Even now, with spring training beyond its midpoint, the offseason seems unfinished. Though J.D. Martinez finally landed with the Red Sox, elite talent remains on the board.
Baseball’s wealth of unemployed free agents stands in drastic contrast to what existed just two winters ago. Then, one free agent after another achieved incredible wealth and security through massive long-term deals.
Seven players — headlined by David Price’s record-setting seven-year, $217 million deal — landed nine-figure deals. Seven more received guarantees of at least $50 million.
Since the end of 2017, there have been three deals of at least $100 million and three more of at least $50 million. Price’s free agent experience seems like a distant memory.
“It’s weird,” Price said. “The market is going to change every year.
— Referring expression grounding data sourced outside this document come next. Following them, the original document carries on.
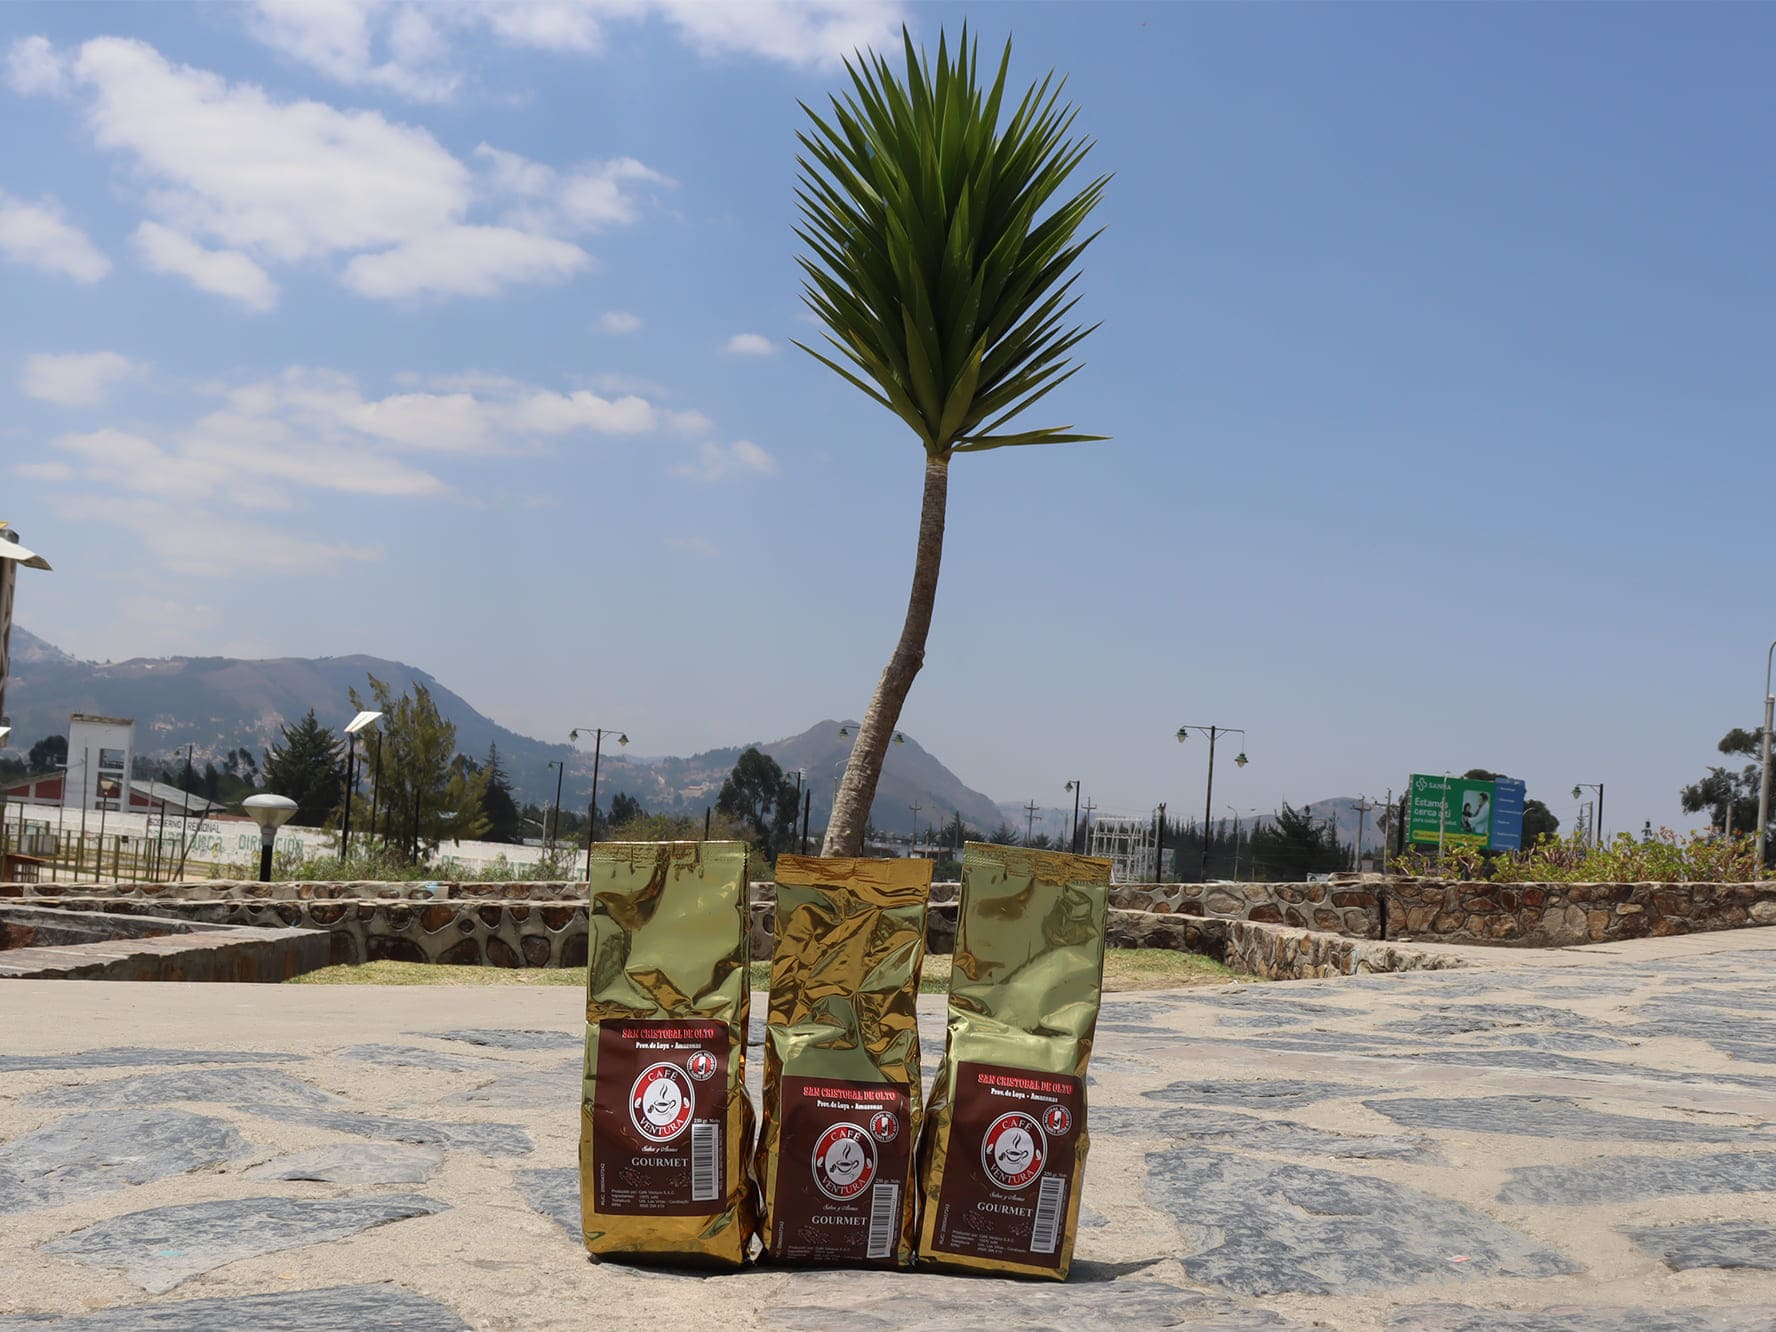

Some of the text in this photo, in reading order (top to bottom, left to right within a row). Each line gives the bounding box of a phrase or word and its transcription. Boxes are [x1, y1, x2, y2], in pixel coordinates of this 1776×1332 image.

[1414, 809, 1437, 817] cerca
[148, 818, 220, 834] GOBERNO REIONAL
[622, 1028, 638, 1038] SAN
[640, 1028, 682, 1038] CRISTOBAL
[684, 1029, 694, 1038] DE
[648, 1070, 678, 1081] CAFÉ
[978, 1074, 995, 1084] SAN
[996, 1076, 1040, 1090] CRISTOBAL
[1041, 1082, 1052, 1092] DE
[803, 1086, 820, 1096] SAN
[821, 1088, 864, 1100] CRISTOBAL
[864, 1090, 874, 1100] DE
[640, 1117, 684, 1136] VENTURA
[1002, 1120, 1032, 1132] CAFÉ
[830, 1130, 861, 1141] CAFÉ
[632, 1158, 688, 1168] GOURMET
[990, 1163, 1034, 1184] VENTURA
[822, 1176, 866, 1194] VENTURA
[977, 1202, 1032, 1217] GOURMET
[812, 1216, 867, 1226] GOURMET
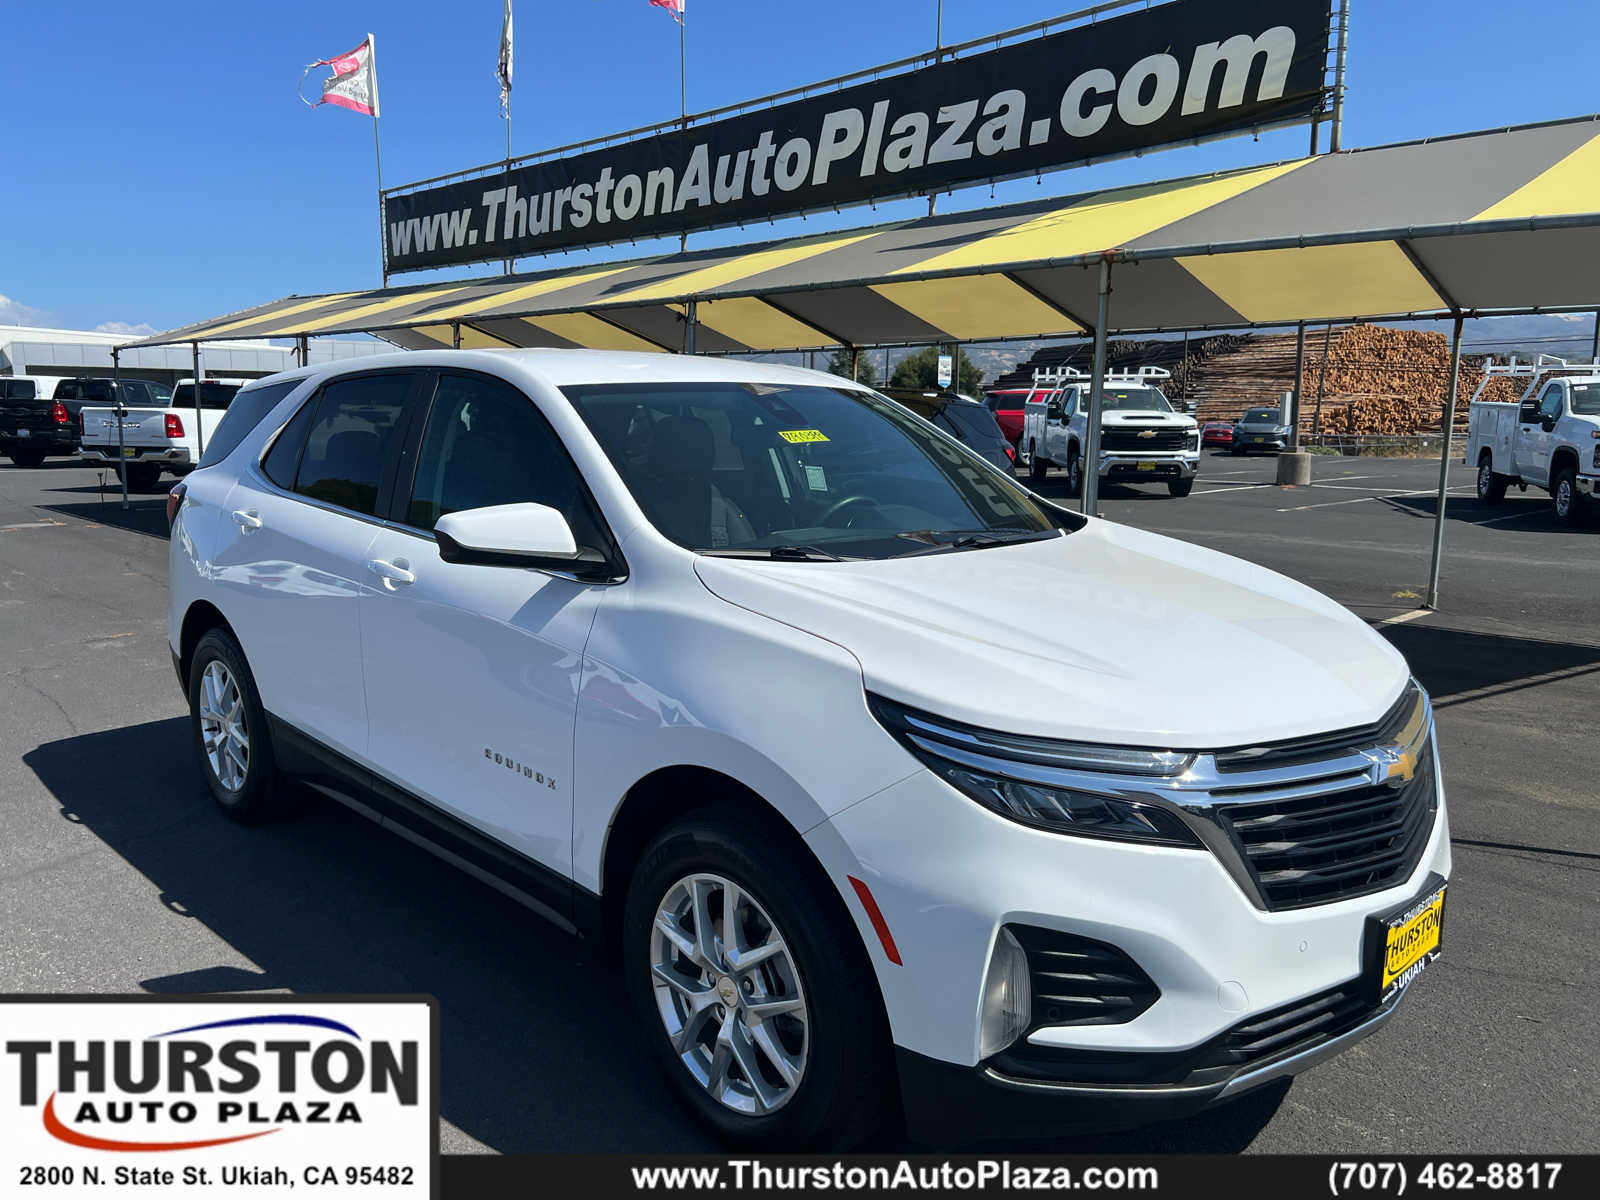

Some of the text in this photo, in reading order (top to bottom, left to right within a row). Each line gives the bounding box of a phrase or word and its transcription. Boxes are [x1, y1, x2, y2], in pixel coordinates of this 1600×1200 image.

[390, 25, 1296, 257] www.ThurstonAutoPlaza.com
[484, 747, 556, 790] EQUINOX
[1385, 906, 1441, 968] THURSTON
[1398, 957, 1425, 989] UKIAH
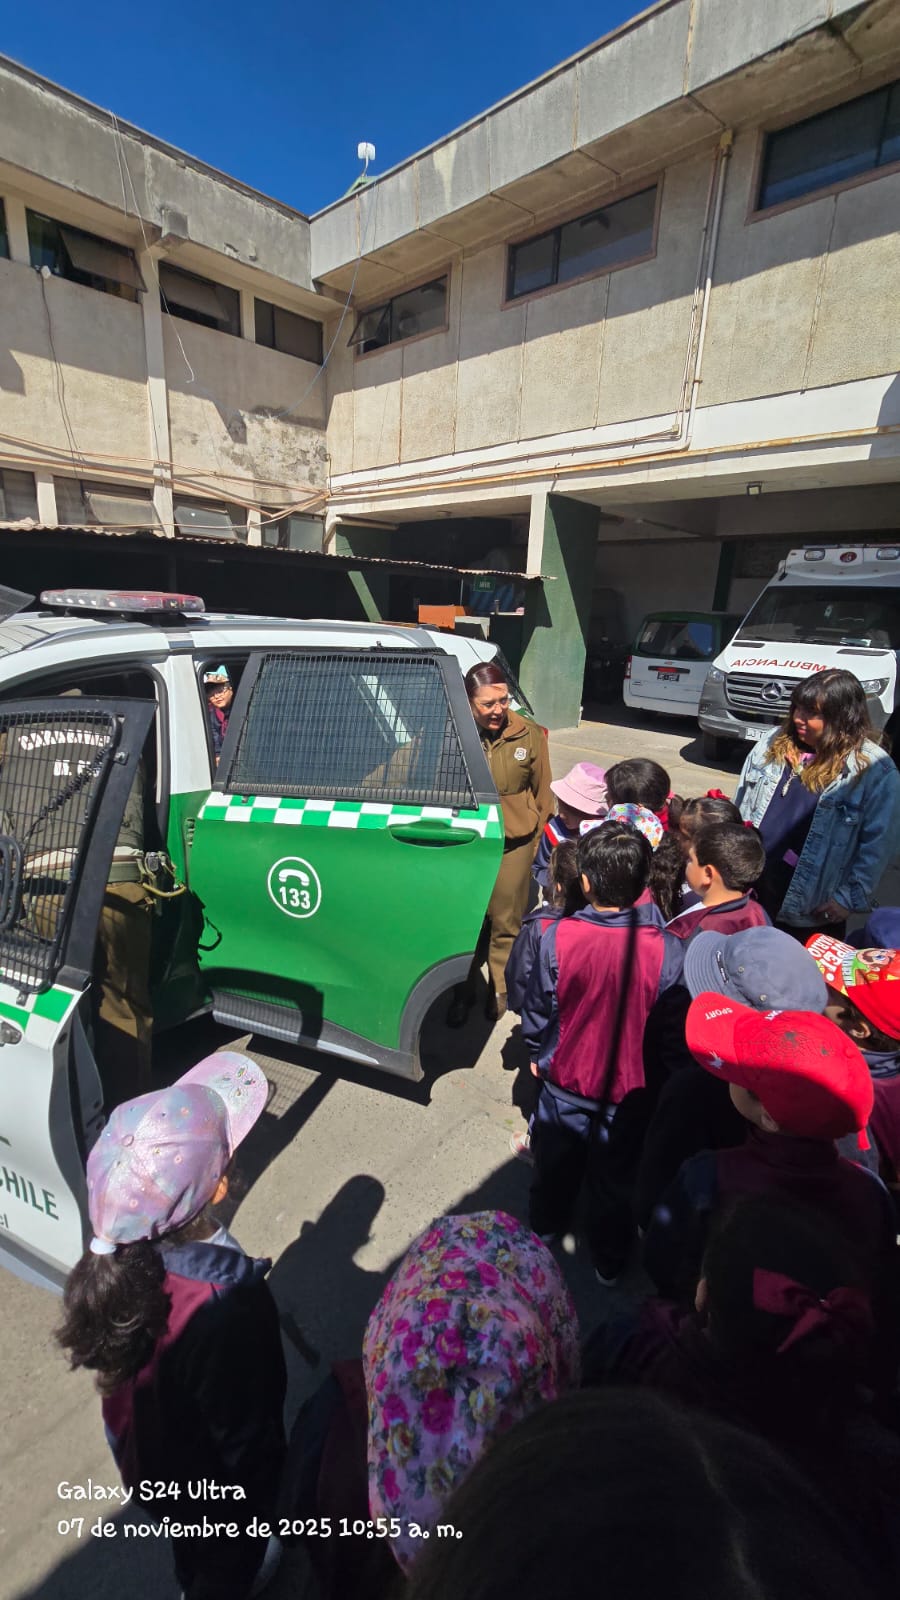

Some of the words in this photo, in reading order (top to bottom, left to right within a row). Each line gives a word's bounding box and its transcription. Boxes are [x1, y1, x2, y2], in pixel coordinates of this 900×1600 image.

[279, 886, 311, 909] 133
[705, 1007, 734, 1020] SPORT
[0, 1166, 59, 1220] HILE
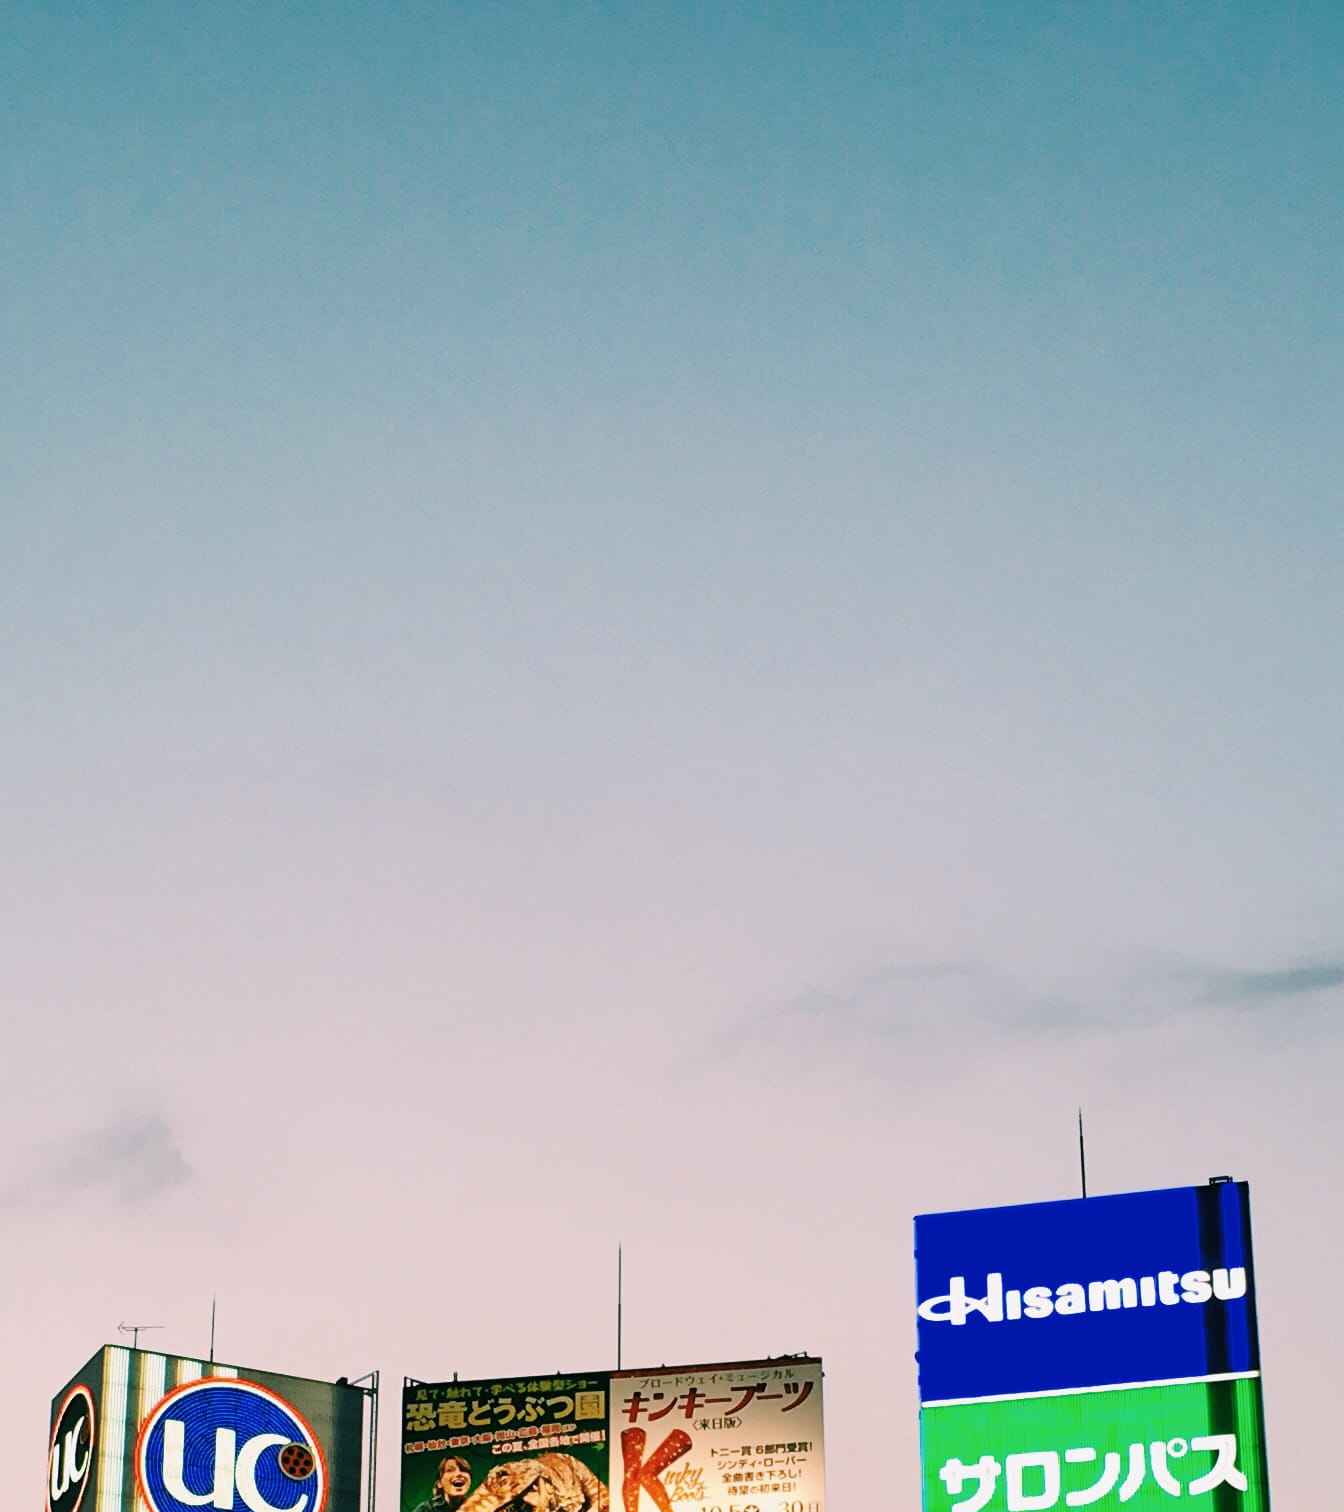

Everything kind of lined up against the players this year, for this market.”
Two interrelated questions now loom: What were the elements that lined up against the players, and will those elements persist going forward?
Conversations with major league executives identified a confluence of factors that created a free agent market unlike any in recent memory: growing recognition of free agency’s limitations and risks; the rise of analytics and the role of data-driven models to project player value; the departure of big spenders from the marketplace; a flood of players available via trade from rebuilding clubs; a collective bargaining agreement that amplified disincentives to spend; and new methods of evaluating players for teams that would rather pay for untapped potential than past performance of players who may be nearing decline.
Those developments not only affected this year’s free agent class, but may have considerable implications for how the game operates going forward.
A flawed system
Major League Baseball’s free agent system rarely rewards its best players with the biggest contracts. The most productive players are in their early and mid 20s. Players aren’t eligible for free agency until they’ve played six full seasons — typically after those best years are in the past.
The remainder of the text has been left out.